A few months ago, I wrote about the Headless One rite from Gordon’s book, The Chaos Protocols.

And, having experienced the moment of the Sun on the shoulders of Orion, it seemed appropriate to wait until the the opposite moment, when the Moon sat on the shoulders of Orion just before the Midwinter.

Alas. It’s cloudy here.  So you’ll have to make do with a screen capture from the app StarWalk2, showing the position of the Moon slightly above the horizon, and forming an alignment of sorts with the theoretical head the great hunter.  Ah, the wonders of modern technology.

Of course, I gushed about it on social media a little, because it feels important; those who seem to make Orion an important part of their experience of the night sky reported in that it felt a little more powerful, a little more changed tonight, than on other nights.  I’m not trying to re-start Neolithic religion here, Gordon, I promise — but wow.  It did feel like a different night than usual, for sure.

And some of that is on me. On us.  I mean, if we moderns invest our time and attention on things like this moment, then it becomes important. Not because it was important then, (though it may have been), but because it is important to us now.

My father was a navigator for the US Naval Air Service, back in the day.  I spoke with him tonight, and I mentioned that I was a little excited about this moment when Orion wore the Moon like a helmet, or a crown.  And I could almost hear his shrug over the phone.

“Sure,” he said. “The full Moon before the winter solstice, when Aldebaran is right there… we used to use that as a homing signal on flights over the Pacific.  It’s a stunning sight, isn’t it?”
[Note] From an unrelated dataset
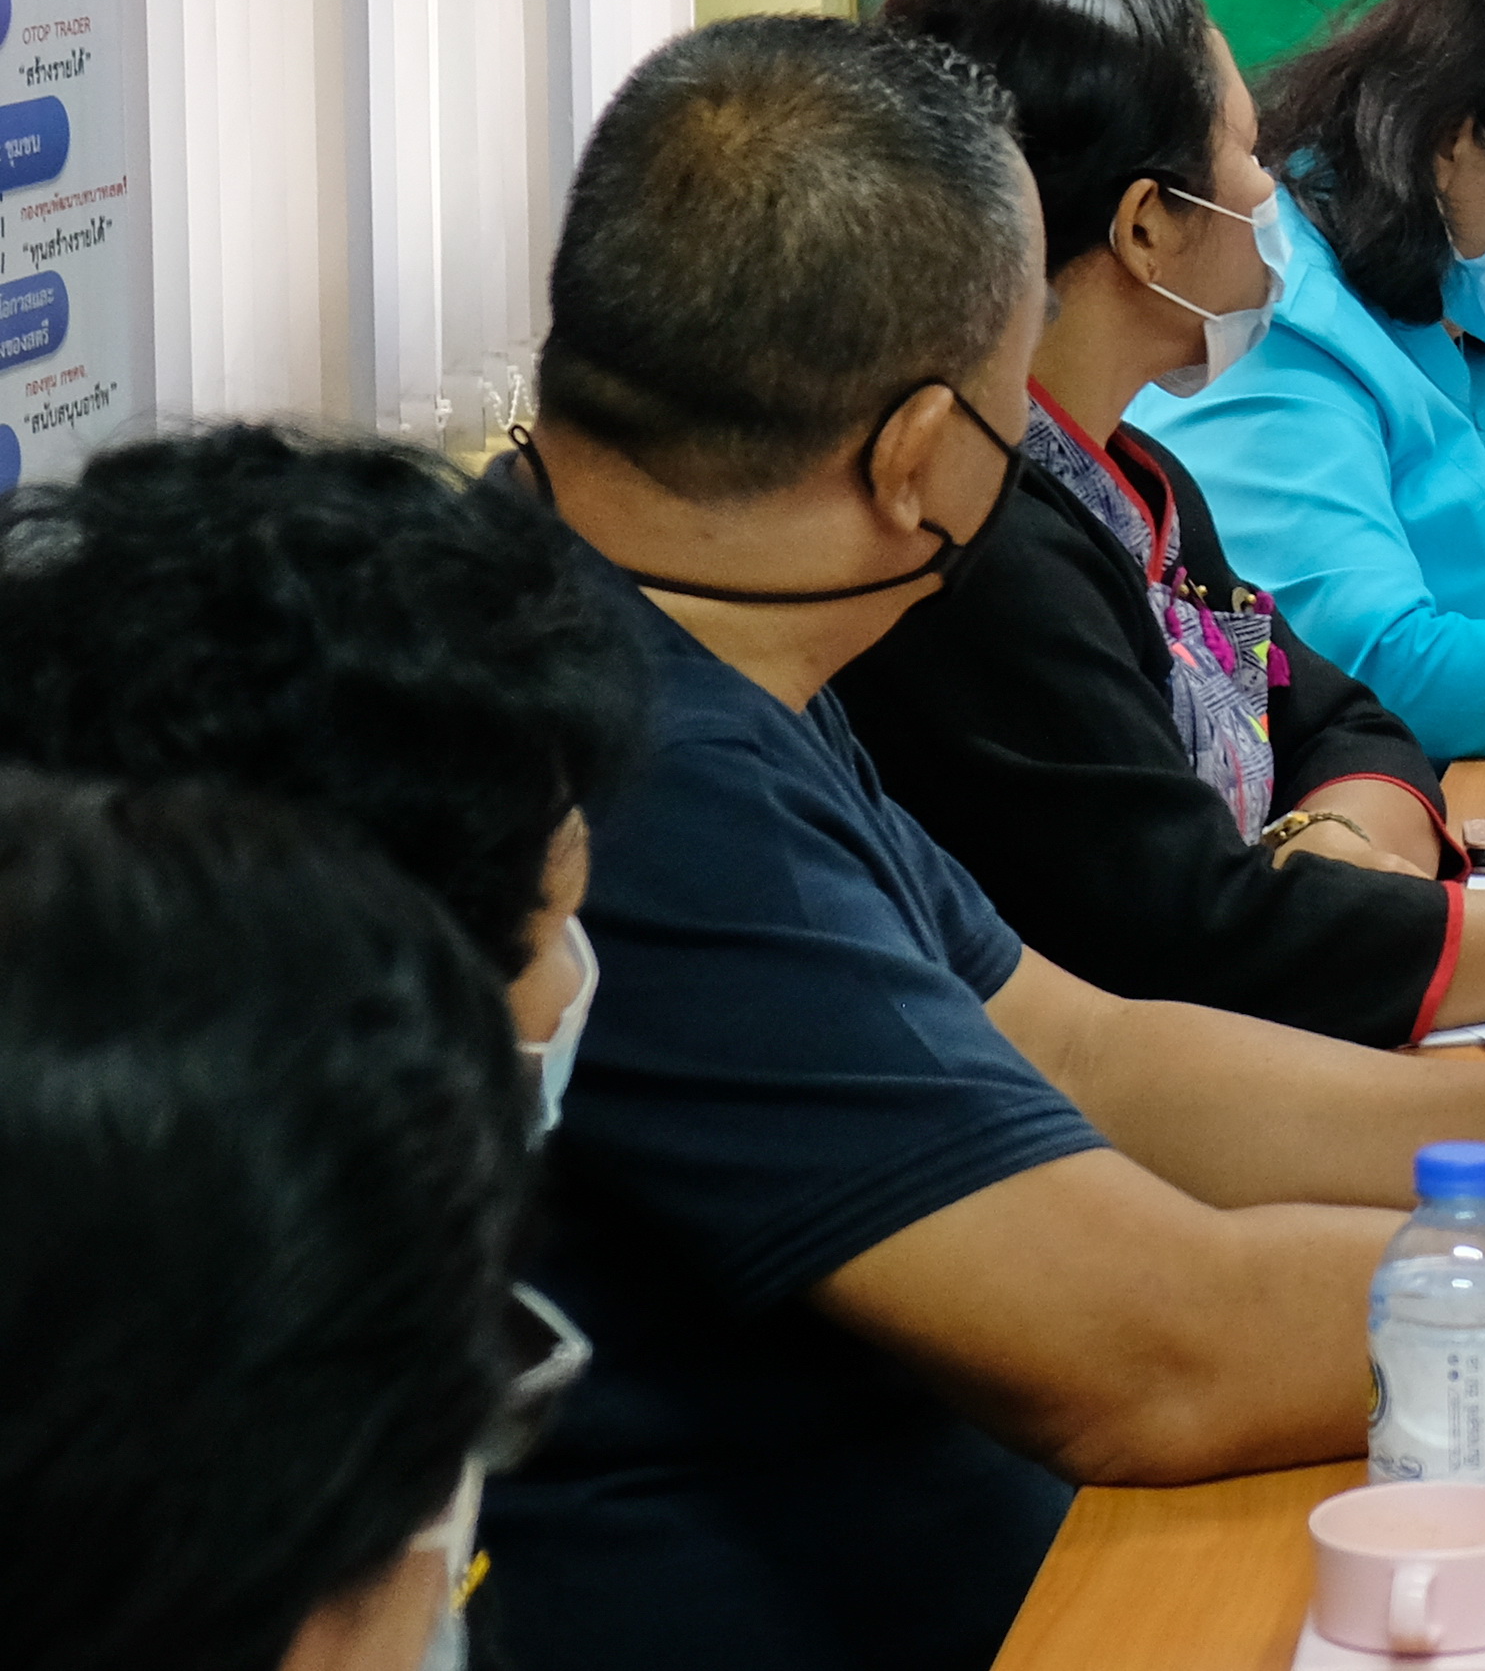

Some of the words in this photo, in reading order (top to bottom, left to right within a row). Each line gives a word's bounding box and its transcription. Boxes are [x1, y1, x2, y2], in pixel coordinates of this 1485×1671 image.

And the wind died in my sails a bit. Because of course a Pacific navigator would know about such things.  My father and his squadron mates were flying by the island-hopping method from central California to Saigon and back, or from California to Alaska and back, all through the 1960s.  Flight or ocean-going, the winds and tides and placement of islands and placement of stars were always on their mind.  So has it ever been. So will it always be, for as long as the Pacific is navigable, I suspect — the navigators will always know more than the ordinary folks, and sometimes the ordinary folks know more than the magicians.

The moon came out a little bit, and I was able to snap a quick photo of her through the branches of the trees.  She’s a stunning sight, wreathed in fog and crowned (or perhaps more than usual, bodied) with stars.

It was cold outside, of course.  The act of standing on my porch and breathing also seemed to awaken something in the dogs down the street, who were exceptionally interested in barking at something.  There’s a threat of snow tonight, and the outside walks are slippery with black ice.  I don’t wish to put down salt if I don’t have to, either — there’s a brook close by, and who wants to make things difficult for the land so soon after moving in?   And inside was so tempting, so very tempting.  The fire in the wood stove leapt to life mere moments after my candles were lit and I lifted my voice to say some old, old words of greeting.

I found some ways of celebrating, of course. Because sometimes it’s better to light some candles than curse the darkness.